1. How many **Binary trees** can be made with:

(a) 3 unlabelled nodes?

(b) 3 labelled nodes?

2. How many **Binary Search trees** can be made with:

(a) 3 unlabelled nodes?

(b) 3 labelled nodes?

3. How many **AVL trees** can be made with:

(a) 3 unlabelled nodes?

(b) 3 labelled nodes?

**Can these be generalised for 'n' nodes?**

+3 votes

How many **Binary trees** can be made with :-

1) Un- labeled :- There is a formula called CATALAN NUMBER = $\frac{\binom{2n}{n}}{n+1}$

Called them as patterns

2) labeled :- for each pattern above, there are n! trees ===> total = $\frac{\binom{2n}{n}}{n+1} * n! $

How many **Binary Search trees** can be made with :-

1) Un- labeled :- There is a formula called CATALOG NUMBER = $\frac{\binom{2n}{n}}{n+1}$

Called them as patterns

2) labeled :- for each pattern above, there only 1 way to labeled the nodes of the tree ===> total = $\frac{\binom{2n}{n}}{n+1} $

How many **AVL trees** can be made with :-

1) with 3 un-labeled nodes:- only one way ( i don't know general formula for un-labeled )
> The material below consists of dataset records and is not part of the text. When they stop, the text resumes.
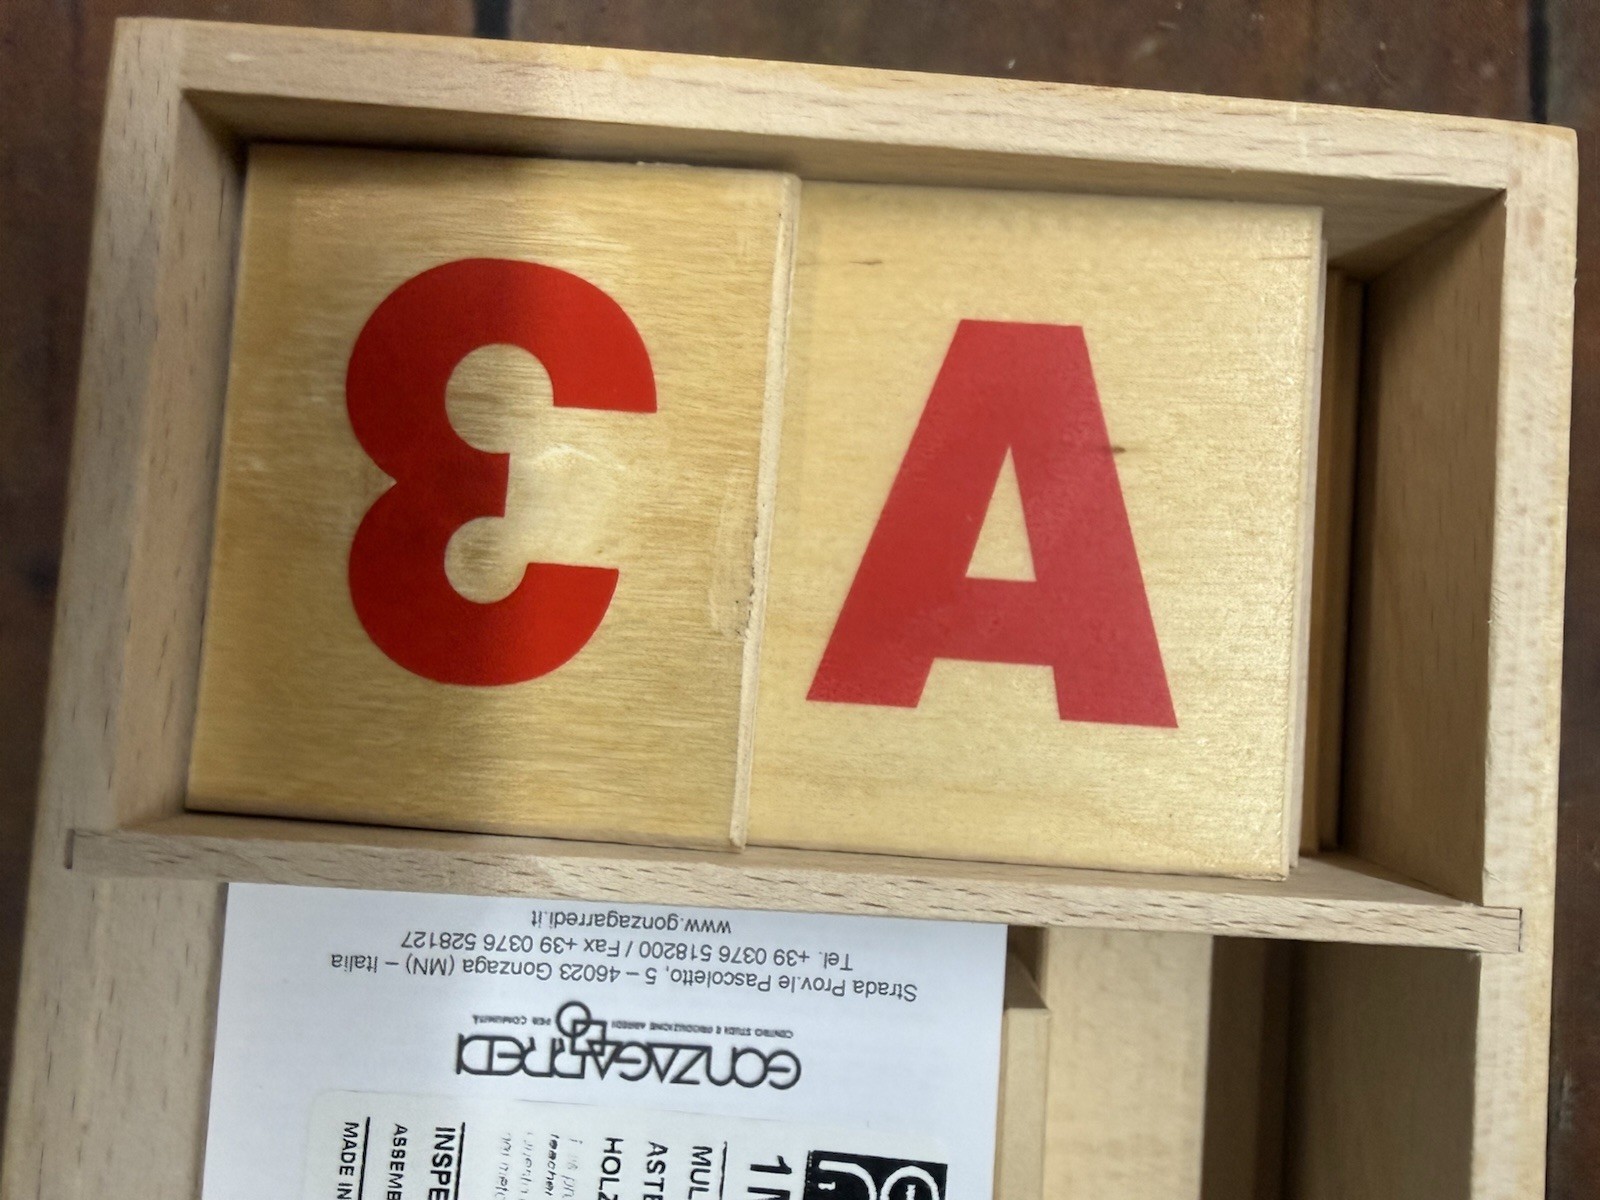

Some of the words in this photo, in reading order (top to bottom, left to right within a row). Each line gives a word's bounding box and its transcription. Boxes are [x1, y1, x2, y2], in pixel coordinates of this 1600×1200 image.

[345, 257, 657, 687] 3
[805, 317, 1179, 729] A
[531, 909, 732, 934] www.gonzagarredi.it
[401, 931, 476, 950] 528127
[483, 933, 533, 952] 0376
[540, 936, 578, 954] +39
[583, 939, 620, 957] Fax
[639, 940, 712, 962] 518200
[331, 954, 378, 973] Italia
[405, 953, 455, 977] (MN)
[719, 945, 767, 965] 0376
[772, 947, 810, 967] +39
[820, 951, 853, 971] Tel.
[462, 959, 552, 981] Gonzaga
[559, 962, 621, 982] 46023
[645, 966, 657, 985] 5
[665, 966, 771, 992] Pascoletto,
[778, 974, 846, 997] Prov.le
[853, 979, 918, 1002] Strada
[339, 1122, 359, 1176] MADE
[428, 1127, 456, 1200] INSPE
[336, 1182, 354, 1200] IN
2) labeled :- for each pattern above, there only 1 way to labeled the nodes of the tree ===> total = No.of trees with un-labeled.

0

How can a binary search tree be unlabelled?

We can form a Bst only when it is labelled with values.

Without labels it is just a binary tree..

We can form a Bst only when it is labelled with values.

Without labels it is just a binary tree..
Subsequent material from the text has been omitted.